Does PI(4,5)P2 Regulate Voltage-Gated Potassium Channels?

Abstract

Phosphatidylinositol −4,5-bisphosphate (PI(4,5)P2) is an important regulator of activity of a variety of ion channels including inwardly rectifying potassium channels, KCNQ, TRP, and voltage-gated calcium channels. Several groups have provided evidence that also voltage-gated potassium (Kv) channels might be regulated by PI(4,5)P2. Taking the wide expression of Kv channels in a variety of different tissues into account, such regulation of activity by PI(4,5)P2 could potentially be of great physiological importance. To determine whether several Kv channels show a regulation of their activity by PI(4,5)P2 we have coexpressed them in tsA201-cells with either a voltage-gated lipid 5-phosphatase (VSP), a G-protein coupled receptor (M1R), or an engineered fusion protein carrying both a 4- and 5-lipid phosphatase activity (Pseudojanin, PJ).
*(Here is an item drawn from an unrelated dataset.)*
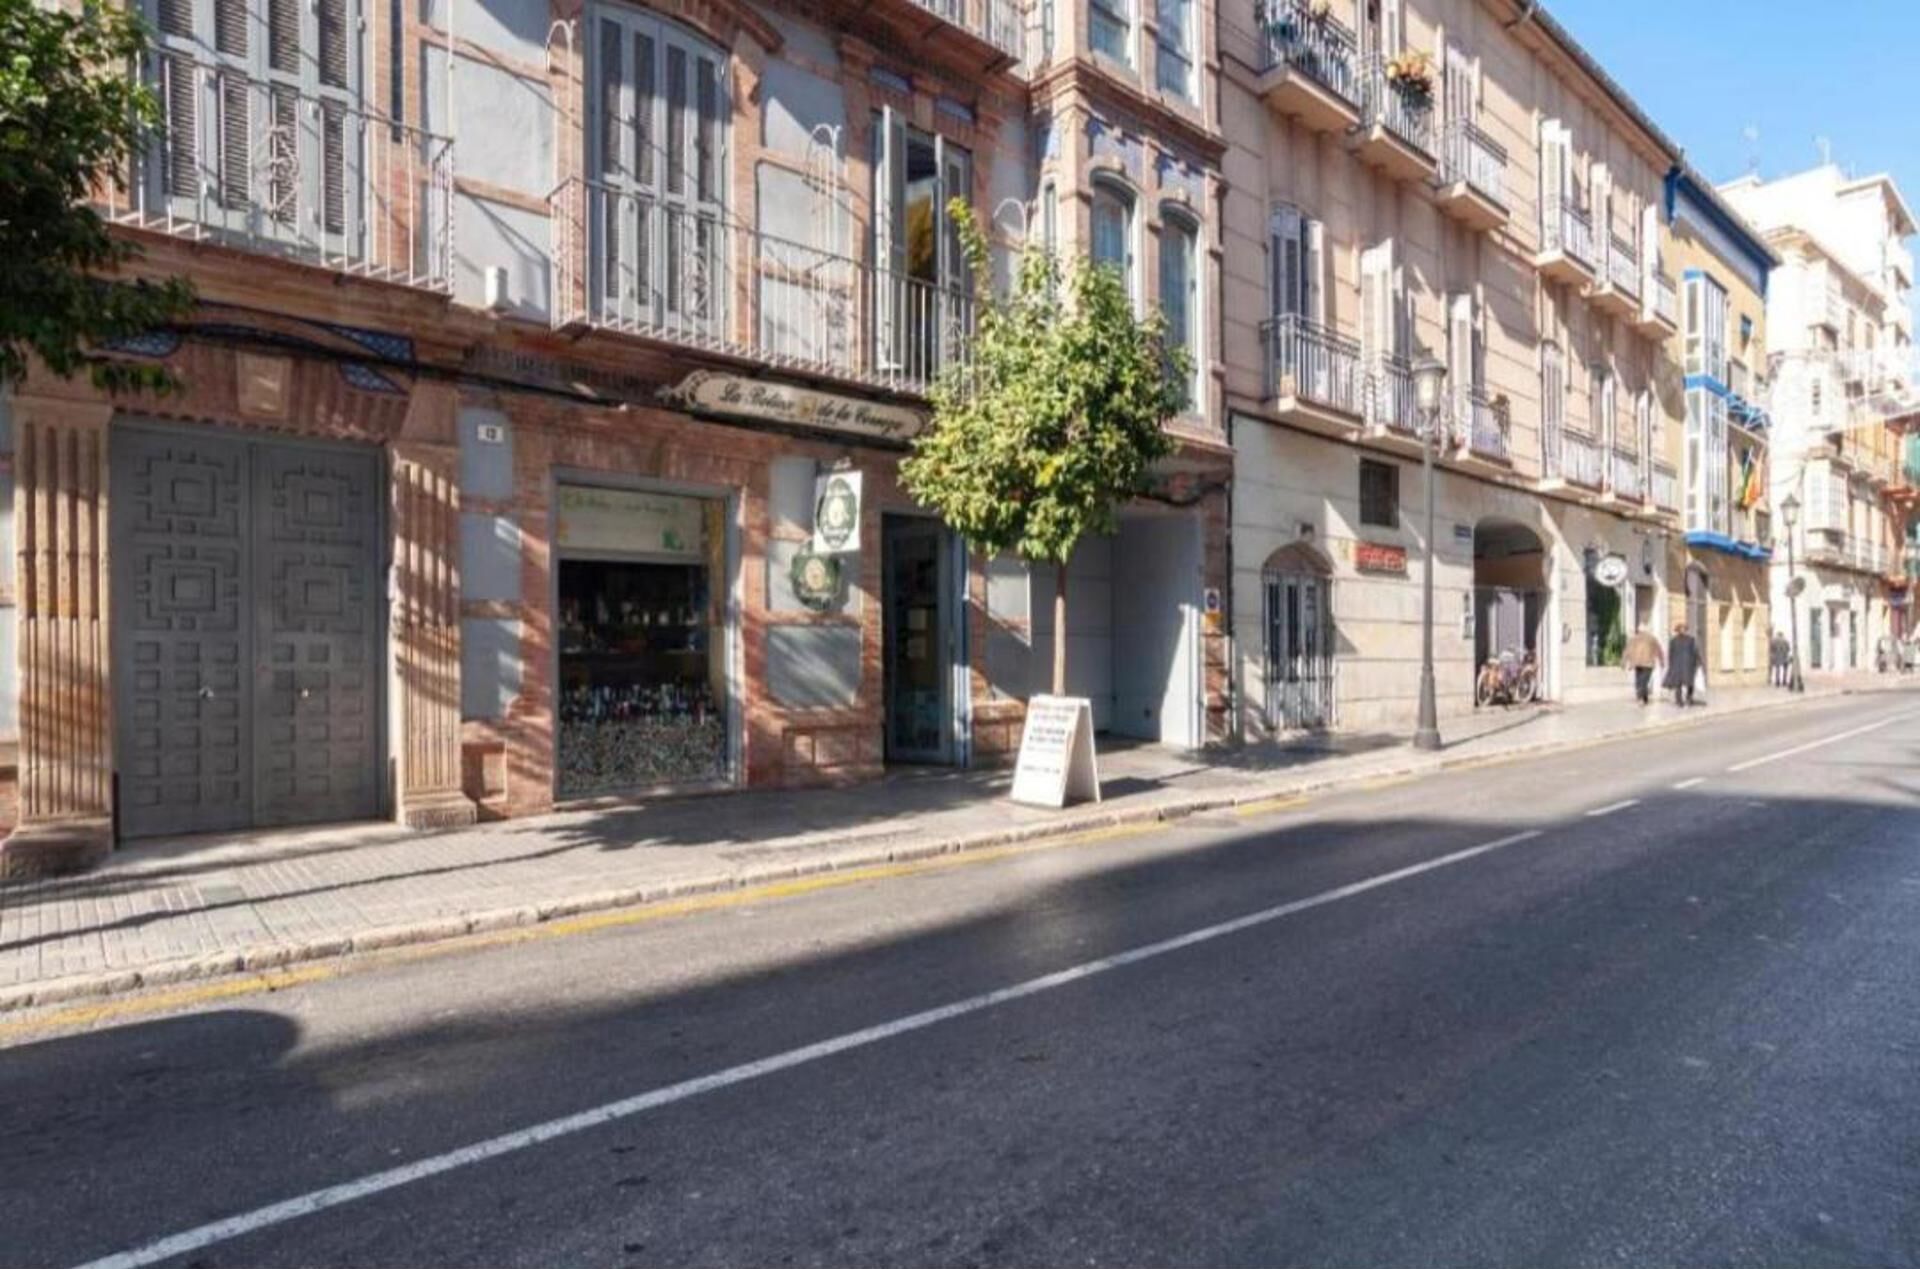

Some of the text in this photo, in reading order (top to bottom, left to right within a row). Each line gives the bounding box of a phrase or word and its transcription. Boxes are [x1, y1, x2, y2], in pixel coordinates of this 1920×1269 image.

These tools deplete PI(4,5)P2 with application of depolarization, muscarinic agonists, or rapamycin, respectively. We monitored PI(4,5)P2 amounts at the plasma membrane by FRET with PH-probes from PLCδ1 simultaneously with whole-cell patch-clamp recordings. Activating VSP or PJ inhibited KCNQ2/3 channel current leaving only about 5-10 % remaining current. Activation of M1R inhibited KCNQ2/3 current a comparable amount. Thus the tools used for our assays are working. We tested with them for potential regulation of activity by PI(4,5)P2 of Kv1.1/Kvβ1.1, Kv1.3, Kv1.4 and Kv1.5/Kvβ1.3, Kv3.4, Kv4.2, Kv4.3 (both with different KChIPs and DPP6-s) and HERG/KCNE2. Interestingly, we found a substantial upregulation of current density and a removal of inactivation for Kv1.1/Kvβ1.1 and Kv3.4 upon activation of M1R, but no changes in activity upon only activating VSP or PJ. All other channels tested showed no alteration in activity in any of the assays we used. In conclusion, “physiological” depletion of PI(4,5)P2 at the plasma membrane does not seem to influence activity of most tested Kv channels. Supported by NIH grant NS08174 and the AvH Foundation.